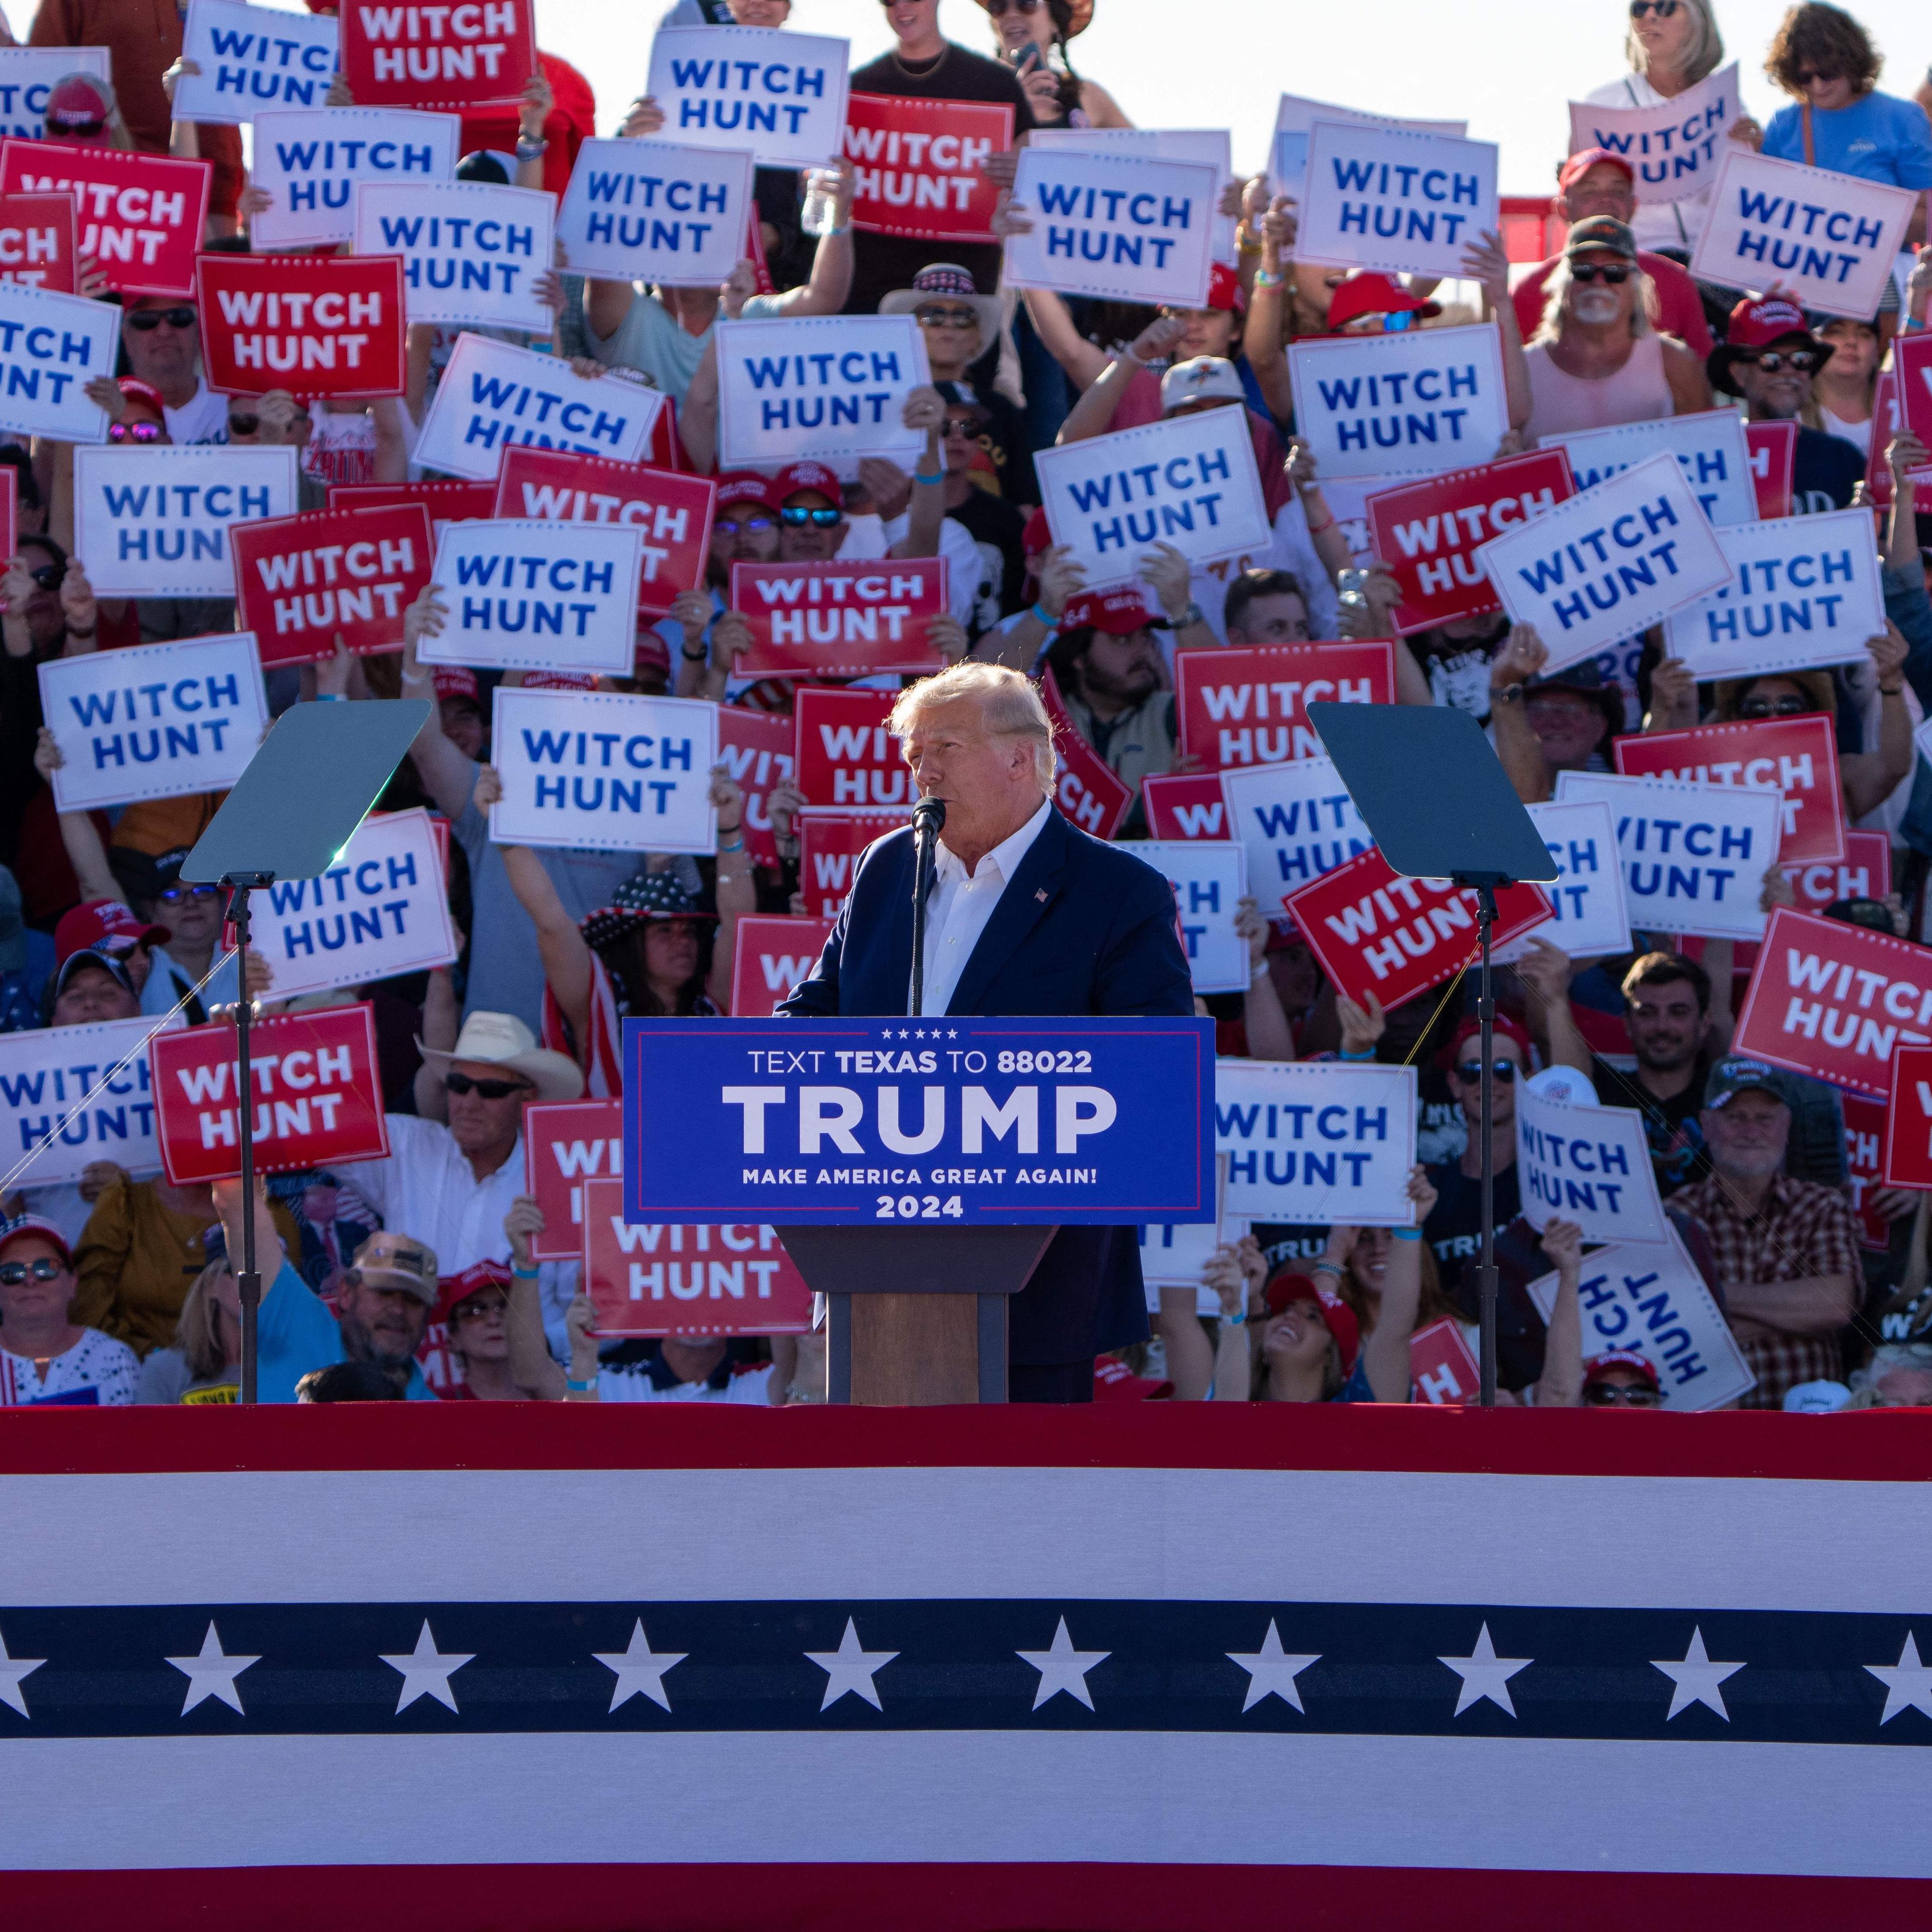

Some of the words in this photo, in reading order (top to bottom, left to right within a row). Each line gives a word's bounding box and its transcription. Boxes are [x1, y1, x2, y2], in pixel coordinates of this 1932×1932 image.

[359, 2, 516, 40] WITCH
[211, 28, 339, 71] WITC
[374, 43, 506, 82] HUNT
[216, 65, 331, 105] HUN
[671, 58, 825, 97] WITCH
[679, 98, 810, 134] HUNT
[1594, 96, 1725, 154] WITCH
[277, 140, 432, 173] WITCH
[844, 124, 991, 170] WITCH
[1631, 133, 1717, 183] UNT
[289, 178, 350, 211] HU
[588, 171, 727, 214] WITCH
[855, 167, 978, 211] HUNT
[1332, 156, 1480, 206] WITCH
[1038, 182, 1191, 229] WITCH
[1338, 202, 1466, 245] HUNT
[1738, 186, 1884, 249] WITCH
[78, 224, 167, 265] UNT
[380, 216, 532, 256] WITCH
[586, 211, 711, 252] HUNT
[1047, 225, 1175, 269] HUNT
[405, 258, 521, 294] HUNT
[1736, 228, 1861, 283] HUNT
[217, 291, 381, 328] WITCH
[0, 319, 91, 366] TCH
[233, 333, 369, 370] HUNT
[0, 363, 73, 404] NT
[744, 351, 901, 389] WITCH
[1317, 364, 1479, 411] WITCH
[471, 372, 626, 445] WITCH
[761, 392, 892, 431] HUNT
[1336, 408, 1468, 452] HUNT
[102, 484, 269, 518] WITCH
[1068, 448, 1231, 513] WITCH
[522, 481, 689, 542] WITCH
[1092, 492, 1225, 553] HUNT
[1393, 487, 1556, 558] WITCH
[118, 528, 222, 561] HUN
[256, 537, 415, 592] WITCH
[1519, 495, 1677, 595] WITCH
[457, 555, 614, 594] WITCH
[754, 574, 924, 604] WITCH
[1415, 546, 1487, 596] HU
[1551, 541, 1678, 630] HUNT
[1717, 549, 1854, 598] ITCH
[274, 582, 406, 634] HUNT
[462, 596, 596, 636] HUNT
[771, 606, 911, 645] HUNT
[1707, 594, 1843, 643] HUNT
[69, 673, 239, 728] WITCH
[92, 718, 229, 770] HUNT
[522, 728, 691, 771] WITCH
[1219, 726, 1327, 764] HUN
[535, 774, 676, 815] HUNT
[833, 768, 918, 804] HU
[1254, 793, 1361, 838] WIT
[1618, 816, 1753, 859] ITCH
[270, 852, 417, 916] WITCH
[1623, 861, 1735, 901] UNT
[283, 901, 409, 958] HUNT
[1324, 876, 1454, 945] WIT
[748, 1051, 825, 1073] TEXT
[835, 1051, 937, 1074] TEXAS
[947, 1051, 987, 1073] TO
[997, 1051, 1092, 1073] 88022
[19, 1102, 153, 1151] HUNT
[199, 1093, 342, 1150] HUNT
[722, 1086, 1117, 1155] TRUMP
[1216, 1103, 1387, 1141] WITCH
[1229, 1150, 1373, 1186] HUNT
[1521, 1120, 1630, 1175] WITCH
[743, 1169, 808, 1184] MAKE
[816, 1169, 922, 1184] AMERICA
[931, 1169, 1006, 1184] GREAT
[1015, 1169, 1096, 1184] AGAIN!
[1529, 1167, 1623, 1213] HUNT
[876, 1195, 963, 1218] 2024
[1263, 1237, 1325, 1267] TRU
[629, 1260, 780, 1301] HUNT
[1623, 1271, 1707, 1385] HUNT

------------

Return the listing above verbatim and exclude every picture.

Some of the words in this photo, in reading order (top to bottom, left to right within a row). Each line gives a word's bounding box and its transcription. Boxes are [x1, y1, x2, y2], in pixel coordinates of this 1932×1932 image.

[359, 2, 516, 40] WITCH
[211, 28, 339, 71] WITC
[374, 43, 506, 82] HUNT
[216, 65, 331, 105] HUN
[671, 58, 825, 97] WITCH
[679, 98, 810, 134] HUNT
[1594, 96, 1725, 154] WITCH
[277, 140, 432, 173] WITCH
[844, 124, 991, 170] WITCH
[1631, 133, 1717, 183] UNT
[289, 178, 350, 211] HU
[588, 171, 727, 214] WITCH
[855, 167, 978, 211] HUNT
[1332, 156, 1480, 206] WITCH
[1038, 182, 1191, 229] WITCH
[1338, 202, 1466, 245] HUNT
[1738, 186, 1884, 249] WITCH
[78, 224, 167, 265] UNT
[380, 216, 532, 256] WITCH
[586, 211, 711, 252] HUNT
[1047, 225, 1175, 269] HUNT
[405, 258, 521, 294] HUNT
[1736, 228, 1861, 283] HUNT
[217, 291, 381, 328] WITCH
[0, 319, 91, 366] TCH
[233, 333, 369, 370] HUNT
[0, 363, 73, 404] NT
[744, 351, 901, 389] WITCH
[1317, 364, 1479, 411] WITCH
[471, 372, 626, 445] WITCH
[761, 392, 892, 431] HUNT
[1336, 408, 1468, 452] HUNT
[102, 484, 269, 518] WITCH
[1068, 448, 1231, 513] WITCH
[522, 481, 689, 542] WITCH
[1092, 492, 1225, 553] HUNT
[1393, 487, 1556, 558] WITCH
[118, 528, 222, 561] HUN
[256, 537, 415, 592] WITCH
[1519, 495, 1677, 595] WITCH
[457, 555, 614, 594] WITCH
[754, 574, 924, 604] WITCH
[1415, 546, 1487, 596] HU
[1551, 541, 1678, 630] HUNT
[1717, 549, 1854, 598] ITCH
[274, 582, 406, 634] HUNT
[462, 596, 596, 636] HUNT
[771, 606, 911, 645] HUNT
[1707, 594, 1843, 643] HUNT
[69, 673, 239, 728] WITCH
[92, 718, 229, 770] HUNT
[522, 728, 691, 771] WITCH
[1219, 726, 1327, 764] HUN
[535, 774, 676, 815] HUNT
[833, 768, 918, 804] HU
[1254, 793, 1361, 838] WIT
[1618, 816, 1753, 859] ITCH
[270, 852, 417, 916] WITCH
[1623, 861, 1735, 901] UNT
[283, 901, 409, 958] HUNT
[1324, 876, 1454, 945] WIT
[748, 1051, 825, 1073] TEXT
[835, 1051, 937, 1074] TEXAS
[947, 1051, 987, 1073] TO
[997, 1051, 1092, 1073] 88022
[19, 1102, 153, 1151] HUNT
[199, 1093, 342, 1150] HUNT
[722, 1086, 1117, 1155] TRUMP
[1216, 1103, 1387, 1141] WITCH
[1229, 1150, 1373, 1186] HUNT
[1521, 1120, 1630, 1175] WITCH
[743, 1169, 808, 1184] MAKE
[816, 1169, 922, 1184] AMERICA
[931, 1169, 1006, 1184] GREAT
[1015, 1169, 1096, 1184] AGAIN!
[1529, 1167, 1623, 1213] HUNT
[876, 1195, 963, 1218] 2024
[1263, 1237, 1325, 1267] TRU
[629, 1260, 780, 1301] HUNT
[1623, 1271, 1707, 1385] HUNT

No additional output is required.